Jerry
Lee Lewis est le dernier des Géants. Les autres
sont tous morts. Au départ, ils étaient cinq, ayant
débuté à la même époque et engagés
dans les mêmes tournées. C'était au milieu
des années 50 et ils avaient pour noms Johnny Cash, Carl
Perkins, Roy Orbison, Elvis Presley et Jerry Lee Lewis.

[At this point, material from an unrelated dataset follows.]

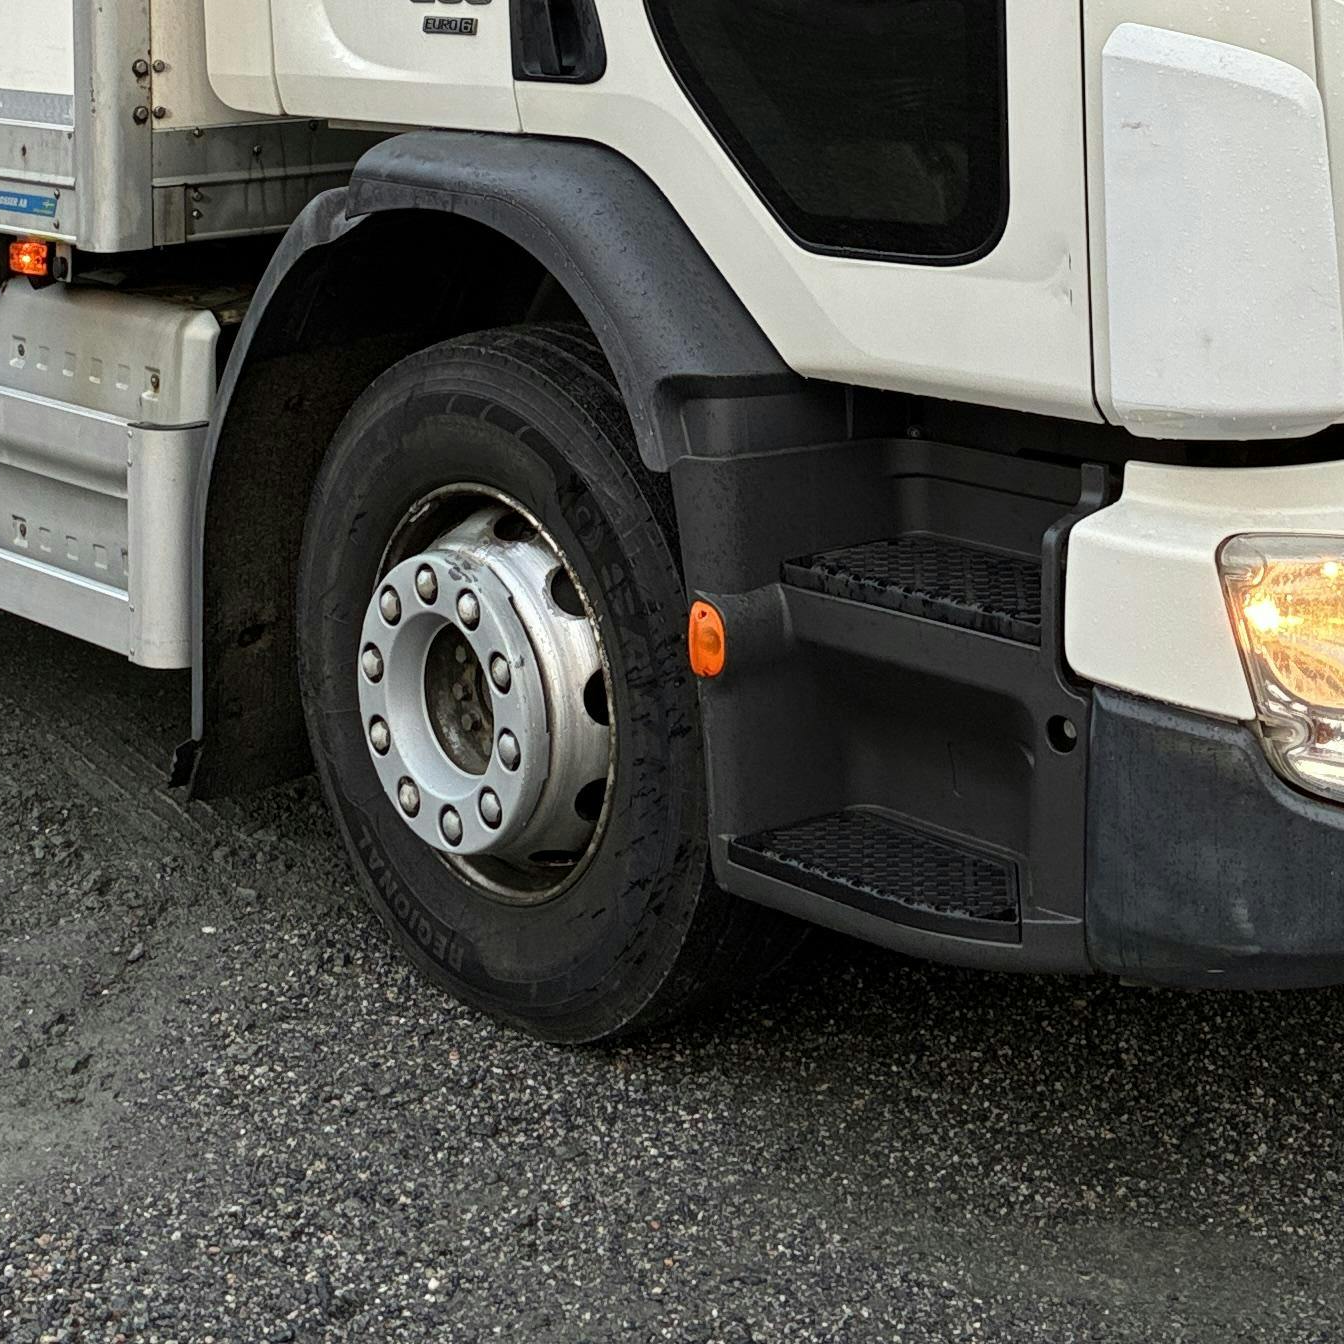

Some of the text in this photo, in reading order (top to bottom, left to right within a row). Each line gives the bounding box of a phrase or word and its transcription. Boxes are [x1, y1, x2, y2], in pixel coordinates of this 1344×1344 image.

Contrairement
à d'autres précurseurs du Rock pur et dur tels que
Bill Haley, Little Richard ou Chuck Berry, ces cinq-là
oscillaient entre Rock et Country. Jerry Lee, dit "The Killer",
est un pianiste fabuleux, doté d'une main gauche exceptionnelle.
Ce que fait ce surdoué sur un clavier est proprement ahurissant.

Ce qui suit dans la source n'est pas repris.